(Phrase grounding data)
────────────────────────────────────────
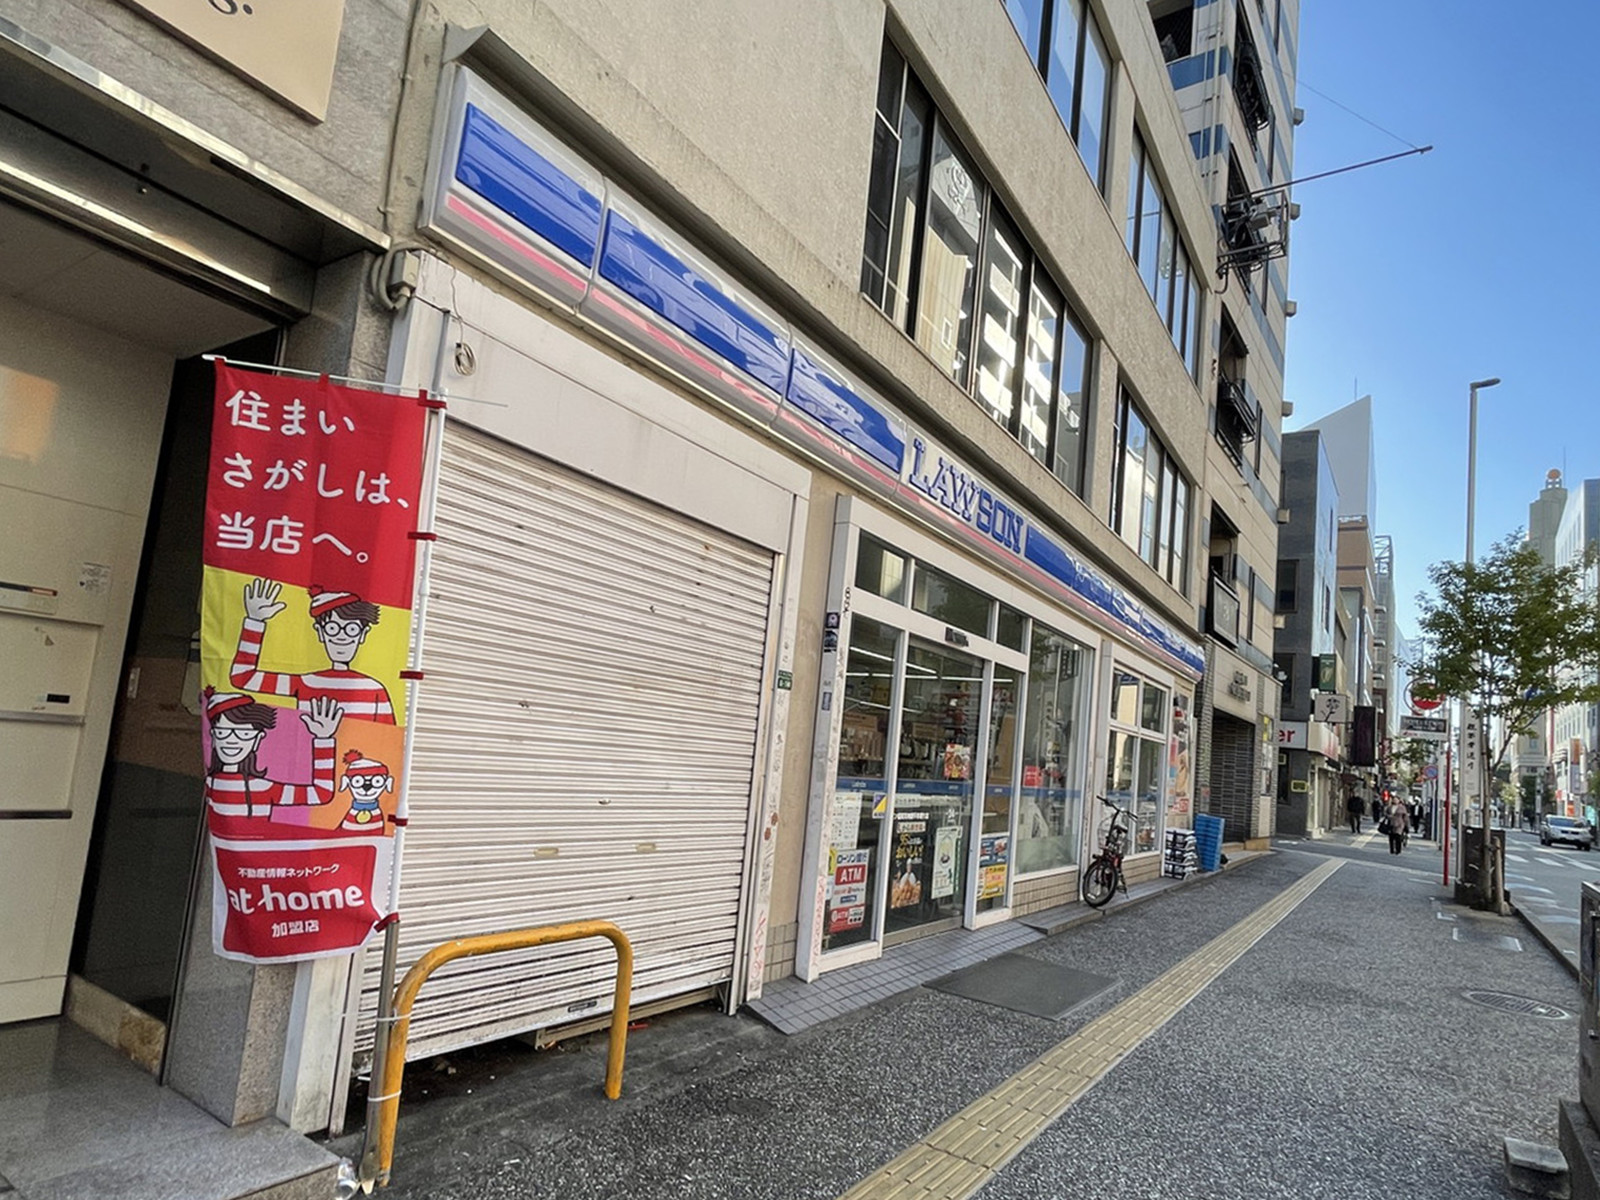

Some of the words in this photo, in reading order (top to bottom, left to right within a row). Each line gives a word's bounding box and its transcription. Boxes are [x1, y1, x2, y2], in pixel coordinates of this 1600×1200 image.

[225, 389, 356, 435] 住まい
[222, 452, 409, 509] さがしは、
[908, 436, 1024, 554] LAWSON
[216, 511, 369, 564] 当店へ。
[237, 863, 340, 879] 不動産情報ネットワーク
[840, 867, 863, 882] ATM
[227, 888, 255, 915] at
[257, 884, 365, 912] home
[271, 920, 320, 938] 加盟店
────────────────────────────────────────
The records above must be output exactly, except for the pictures.

Some of the words in this photo, in reading order (top to bottom, left to right within a row). Each line gives a word's bounding box and its transcription. Boxes are [x1, y1, x2, y2], in pixel coordinates of this 1600×1200 image.

[225, 389, 356, 435] 住まい
[222, 452, 409, 509] さがしは、
[908, 436, 1024, 554] LAWSON
[216, 511, 369, 564] 当店へ。
[237, 863, 340, 879] 不動産情報ネットワーク
[840, 867, 863, 882] ATM
[227, 888, 255, 915] at
[257, 884, 365, 912] home
[271, 920, 320, 938] 加盟店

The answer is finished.